Sonja sentia a náusea lhe dominar, assim como o
ardor no pescoço, mas percebeu o triângulo pulsante que Conan indicara e, num
impulso, correu para a frente, com a espada visando o alvo.
- Agora você me paga, rameira do inferno! –
gritou, enquanto avançava entre as duas patas frontais da besta, a qual
empinava como um cavalo enlouquecido ante a tenacidade das pernas poderosas do
bárbaro e seus braços. O cimério aproveitava para tentar cortar o pescoço da
criatura, mas a lâmina apenas feria, e não penetrava fundo na carne e então um
berro lancinante fez o bárbaro largar a besta. Sonja estava enfiando
furiosamente, a espada até o cabo, no triângulo pulsante da barriga do monstro.
Um líquido viscoso e negro, de odor pútrido, jorrou da ferida. Ali parecia ser
de fato, o ponto mais frágil daquela monstruosidade híbrida. Conan saltou de
cima dela e correu para Sonja, que retrocedera, deixando a espada cravada na
besta, que agora saltava feito louca em todas as direções guinchando e tentando
tirar a lâmina de dentro de si com suas garras, ferindo-se ainda mais, na área
ferida. E quando conseguiu, atirou na direção dos guerreiros a espada que quase
atingiu Conan na cabeça, porque ele desviou-se a tempo. O líquido viscoso
começou a sair ainda mais grosso de dentro dela, que crispava as garras
berrando de dor, emitindo sons que mais uma vez pareciam palavras desconexas
numa língua desconhecida. O horror ancestral daquela pirâmide amaldiçoada não
era tão imortal assim.
E quando Conan aproximou-se de Sonja, percebeu
que ela não estava bem. As marcas no pescoço da ruiva tinham uma cor violácea e
estavam inchadas. A guerreira olhou para ele com um brilho estranho nos olhos,
e parecia cambalear um pouco. Enquanto isso, a besta hedionda à frente de ambos
continuava berrando e movimentava-se como se tencionasse fazer um ataque final,
mesmo ferida como estava, porque a estocada que Sonja lhe aplicou parecia ter
causado um grande estrago, e aquela espécie de sangue negro e podre do monstro
estava saindo ainda mais agora, e espalhando-se no chão. E, sem a espada, mesmo
vacilante devido à náusea, Sonja sacou um dos sabres que carregava presos à
lateral das coxas. O monstro baixou a cabeça olhando para o próprio ventre
arruinado pela violenta lesão e encarou os guerreiros arreganhando as presas,
armando-se com as garras e as patas aracnídeas, agachando-se um pouco, pronta
para cair sobre ambos de forma definitiva. Sonja segurou o punhal apontando
para ela e vociferou entre dentes:
- Quer mais? Pois venha, sua rameira imunda,
que eu quero mesmo acabar o que comecei, ainda que morra por isso!

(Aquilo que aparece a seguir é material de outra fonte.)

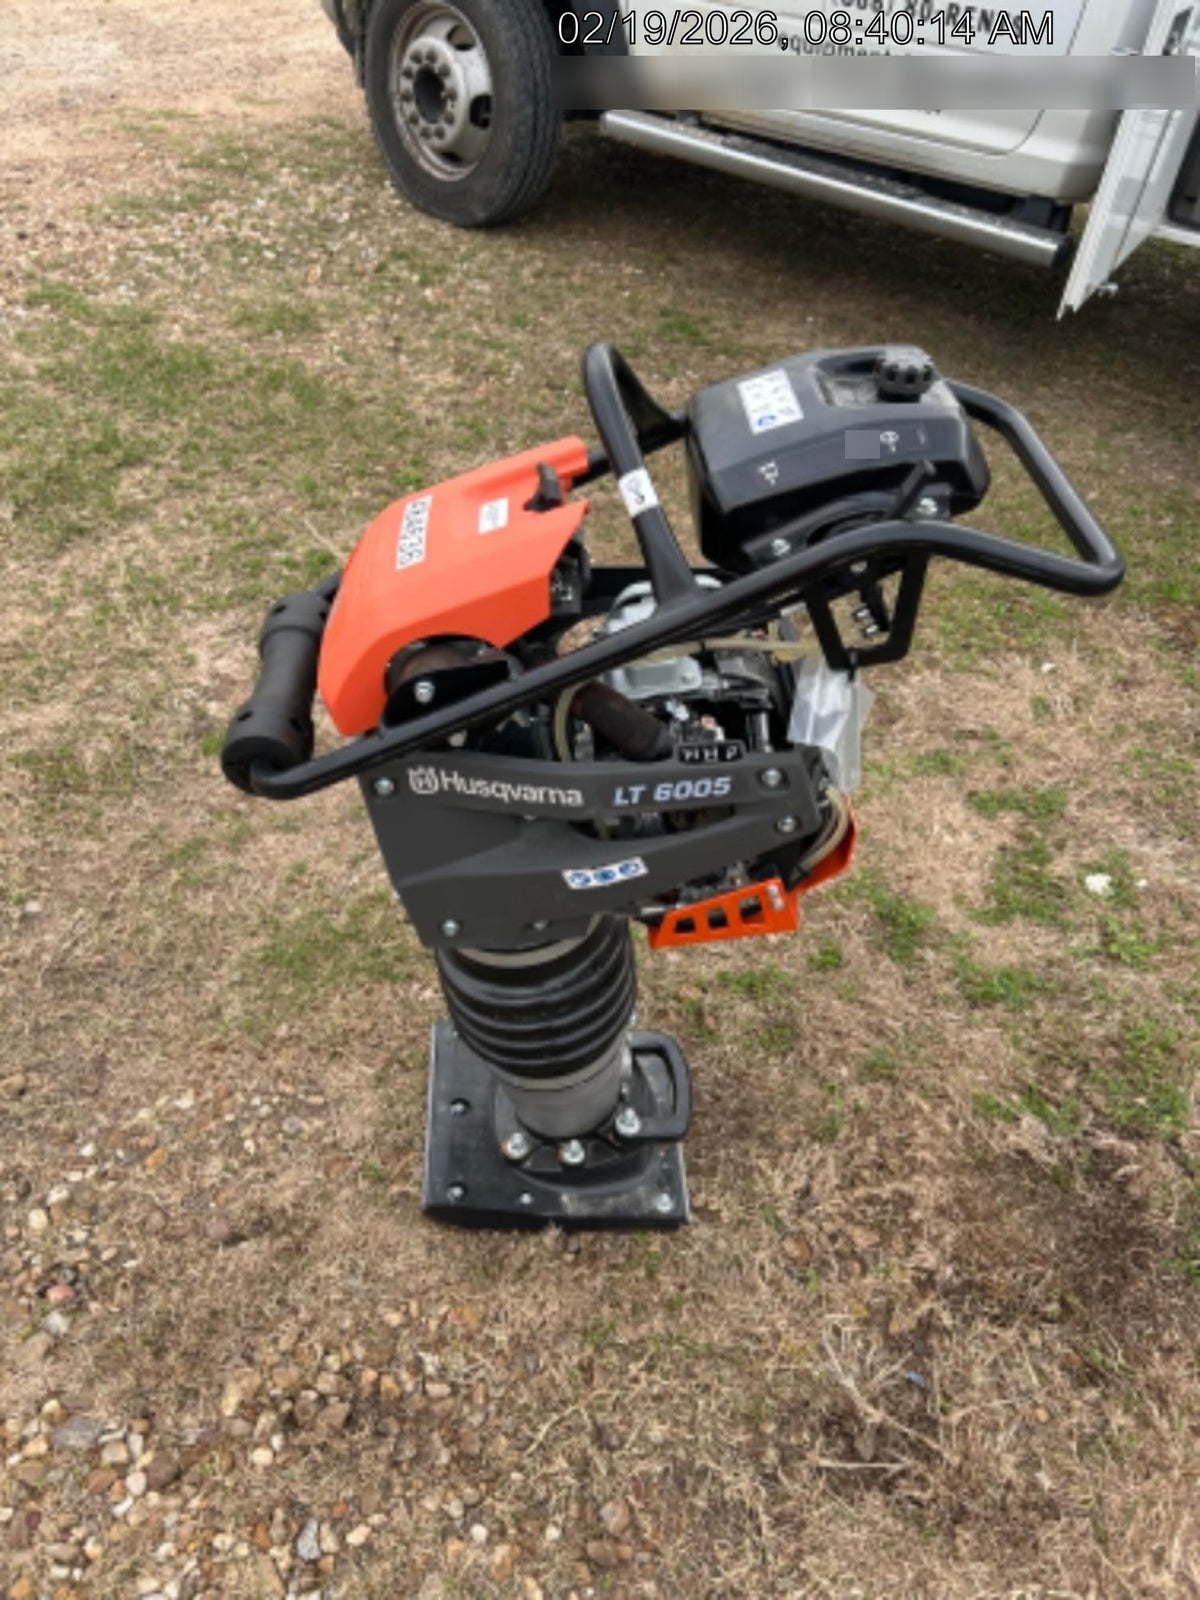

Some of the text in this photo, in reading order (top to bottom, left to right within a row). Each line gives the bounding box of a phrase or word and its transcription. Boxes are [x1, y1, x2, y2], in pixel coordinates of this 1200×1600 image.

Conan segurou a espada, pronto para o combate,
e mais uma vez durante anos, ficou impressionado com a coragem e o espírito
indômito daquela mulher que tanto o fascinava, muito mais que todas as mulheres
guerreiras que ele conhecera, incluindo a destemida Valéria e a inesquecível
Bêlit, que teve uma passagem marcante em sua vida. Neste momento, a
mulher-aranha emitiu um guincho ainda mais apavorante que todos os que havia
soltado, crispando as garras e balançando violentamente a cabeça, sacudindo a
desgrenhada cabeleira negra.
Mas um outro som espalhou-se no ambiente.
- HAMADHI! ALANKHABUT! KEKETH! ADAHBA BEYDHA,
AHKRAJA MEM HUNAH!
Uma voz gutural ecoou, como que saída das
profundezas daquela pirâmide maldita e isso fez com que o monstro virasse na
direção daquele som, com uma das garras sobre o ferimento. Conan e Sonja, que
cambaleava levemente, fizeram o mesmo. E no mesmo portal por onde vieram, assim
como o guardião que mataram, havia uma silhueta de um outro ser cujos grandes
contornos não eram exatamente humanos. A mulher-aranha deu um salto na direção
da figura guinchando e o ser moveu-se, ou melhor, arrastou-se em direção a ela.

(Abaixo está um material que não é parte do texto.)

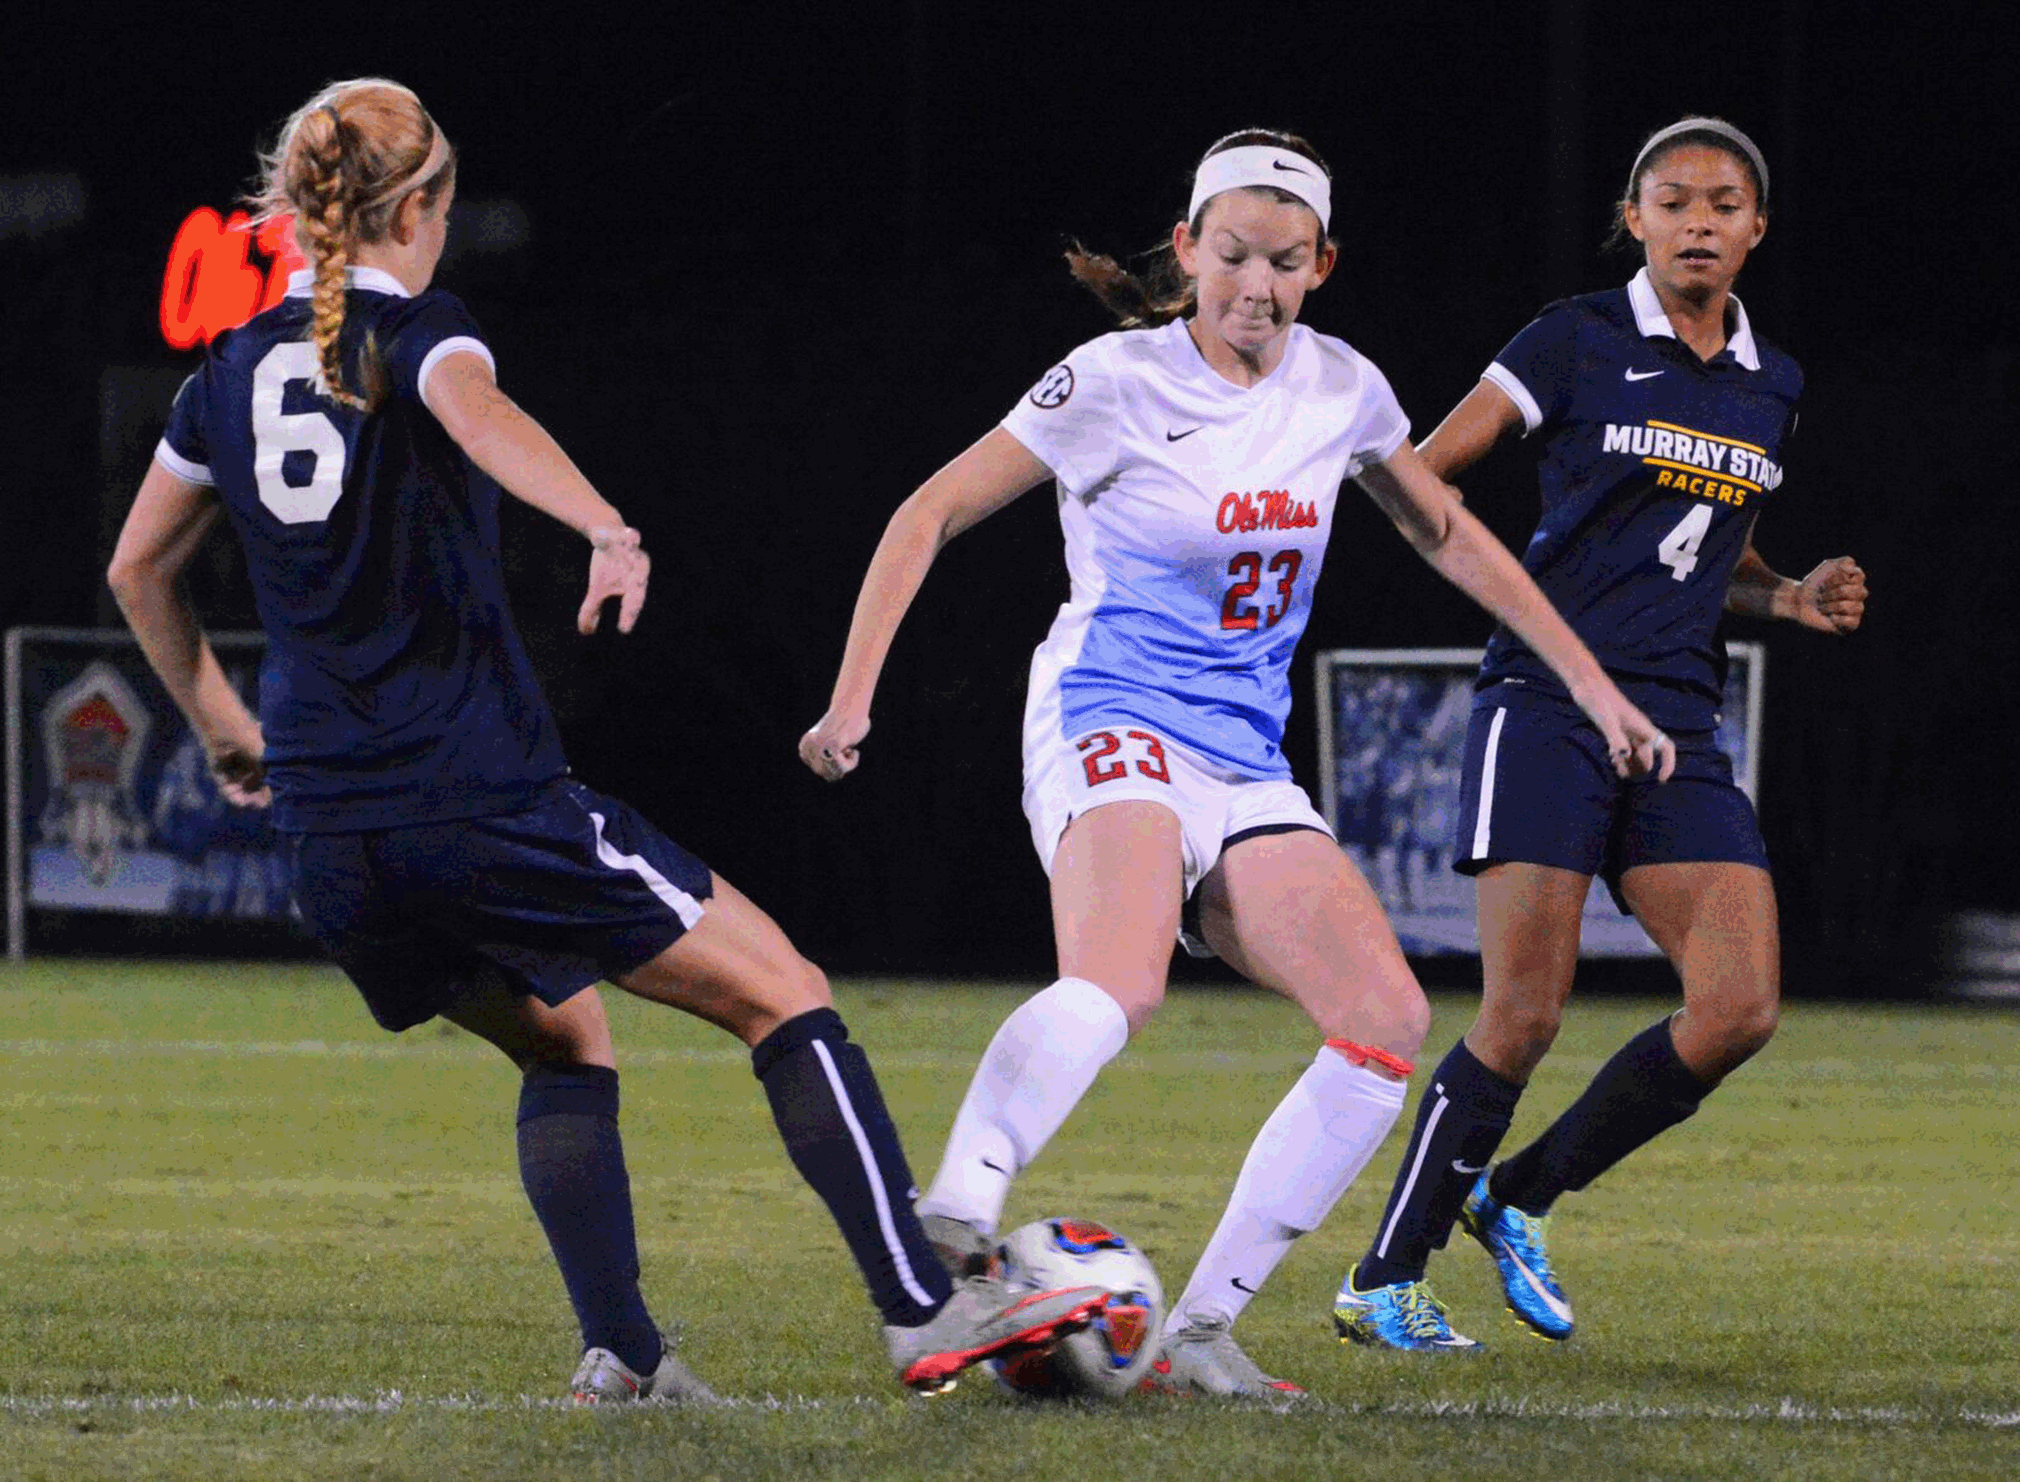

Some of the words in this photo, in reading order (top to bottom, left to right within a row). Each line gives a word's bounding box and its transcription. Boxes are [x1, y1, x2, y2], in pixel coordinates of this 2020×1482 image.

[252, 341, 346, 525] 6
[1602, 424, 1728, 471] MURRAY
[1216, 491, 1259, 534] Ole
[1257, 489, 1319, 530] Miss
[1656, 470, 1747, 506] RACERS
[1658, 503, 1713, 582] 4
[1220, 549, 1303, 630] 23
[1076, 730, 1171, 788] 23

Aquela criatura recém-chegada tinha cabeça, tronco, braços, mas não parecia ter
pernas e sim uma imensa extensão atrás de si... como uma cobra gigantesca. E
movia-se como uma imensa serpente estígia, símbolo daquela terra, com o enorme
pescoço sempre elevado e a cabeça dilatada.

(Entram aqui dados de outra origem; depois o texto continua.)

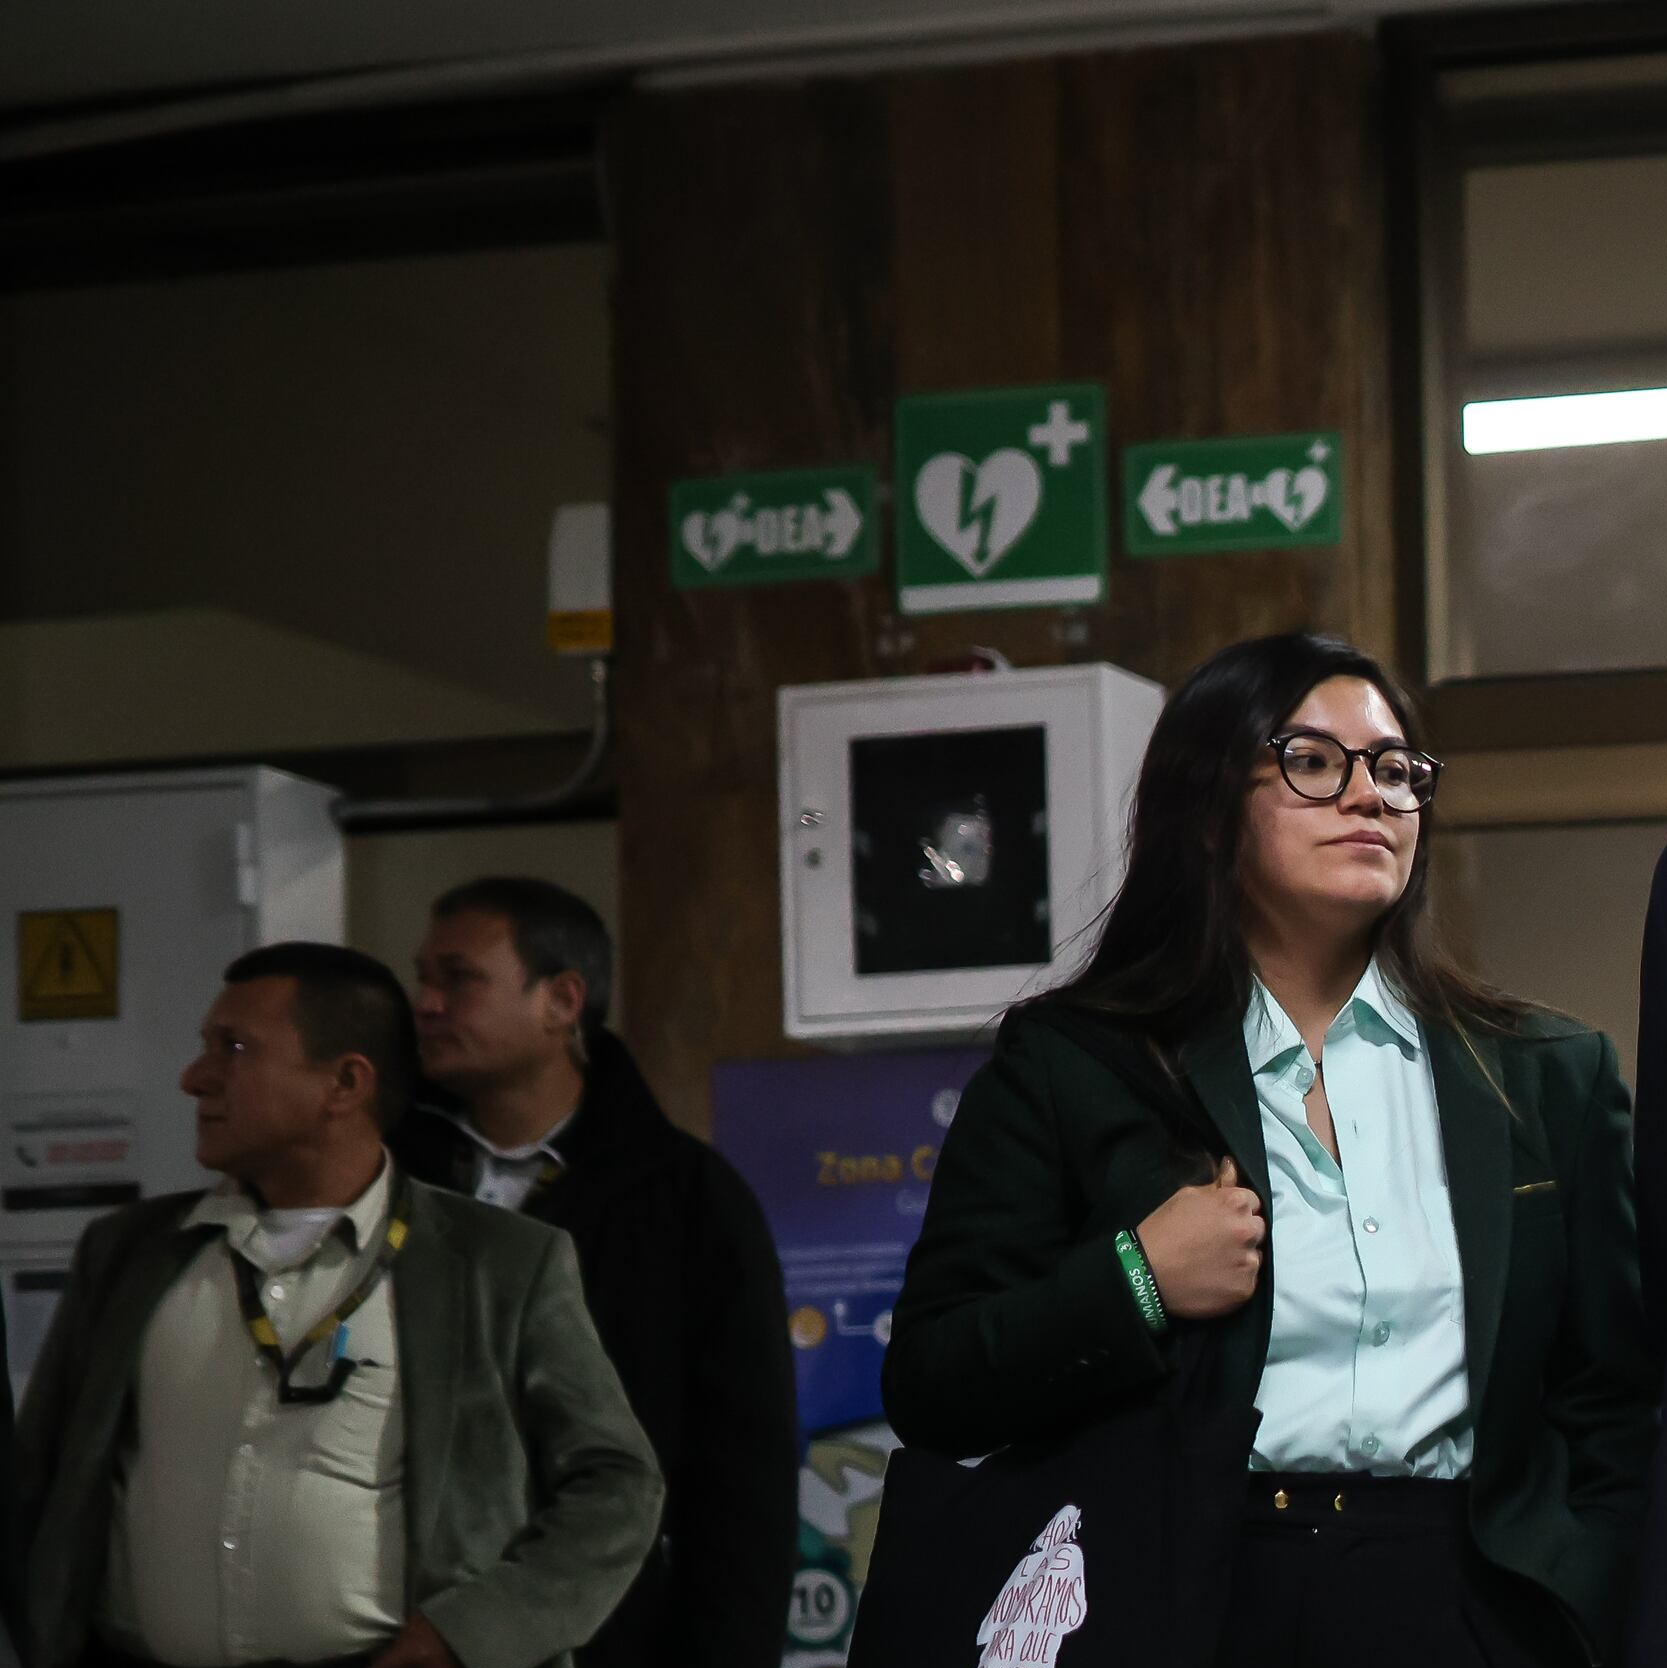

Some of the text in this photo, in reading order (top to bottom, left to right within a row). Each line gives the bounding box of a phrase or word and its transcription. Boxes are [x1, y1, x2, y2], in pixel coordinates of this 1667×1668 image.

[1181, 475, 1251, 524] DEA
[756, 506, 823, 553] DEA
[817, 1151, 901, 1185] Zona
[1129, 1268, 1158, 1325] UMANOS
[1020, 1548, 1072, 1577] LAS
[793, 1583, 835, 1615] 10
[1020, 1628, 1056, 1663] QUE

- Pelas barbas de Crom! Agora apareceu este
outro...! – disse o cimério, sentindo um arrepio na nuca e ainda com a espada
em guarda. Ele sabia que criatura era aquela e até podia imaginar que nome ela
tinha.
Os dois seres aproximaram-se e ficaram frente a
frente. A Mulher-Aranha segurava a ferida, e parecia não ter intenção de atacar
o vulto reptiliano que a fitava agora. E então, ele moveu a cabeça para o lado
e dirigiu o olhar para os dois guerreiros. E Conan pôde observar melhor sua
aparência. Tinha um corpo grande, um pouco maior que a besta à sua frente e
proporcionalmente musculoso da cintura para cima, com um amplo tórax. Tinha uma
pele de tonalidade lisa com partes que lembravam escamas, com uma cor amarelo
esverdeada que ao mover-se, captava reflexos levemente avermelhados, talvez da
estranha luminosidade da névoa rasteira que havia ali. Apesar da maioria esmagadora
de ser povo (bem como dos homens-serpente) ter involuído desde o Grande
Cataclismo, sua cabeça tinha traços humanos com uma expressividade algo singela
nos traços finos da boca de lábios levemente rugosos, do nariz e as maçãs do
rosto. Os olhos eram a única coisa que havia de sinistro naquela face. Eram os
olhos de uma enorme serpente, com um fino traço sugerindo uma sobrancelha acima
e o topo do crânio tinha uma protuberância óssea sob a pele, semelhante a uma
pequena onda se erguendo, ao invés de cabelos, que se estendia descendo pelas
laterais da face sem orelhas, terminando em duas pequenas fendas que pareciam
ser seus canais auditivos. E aqueles olhos não chegavam a ser assustadores como
os da Mulher-Aranha, mas pareciam querer paralisar, dominar e o cimério sentiu
isso. A criatura recém-chegada afastou-se da Mulher-Aranha, que soltou um breve
grunhido e aproximou-se mais dos guerreiros, arrastando-se como uma anaconda
cercando a presa, com sua metade ofídia do corpo coberta de manchas simétricas
similar a um mosaico, ziguezagueando em seus quase 18 metros de comprimento.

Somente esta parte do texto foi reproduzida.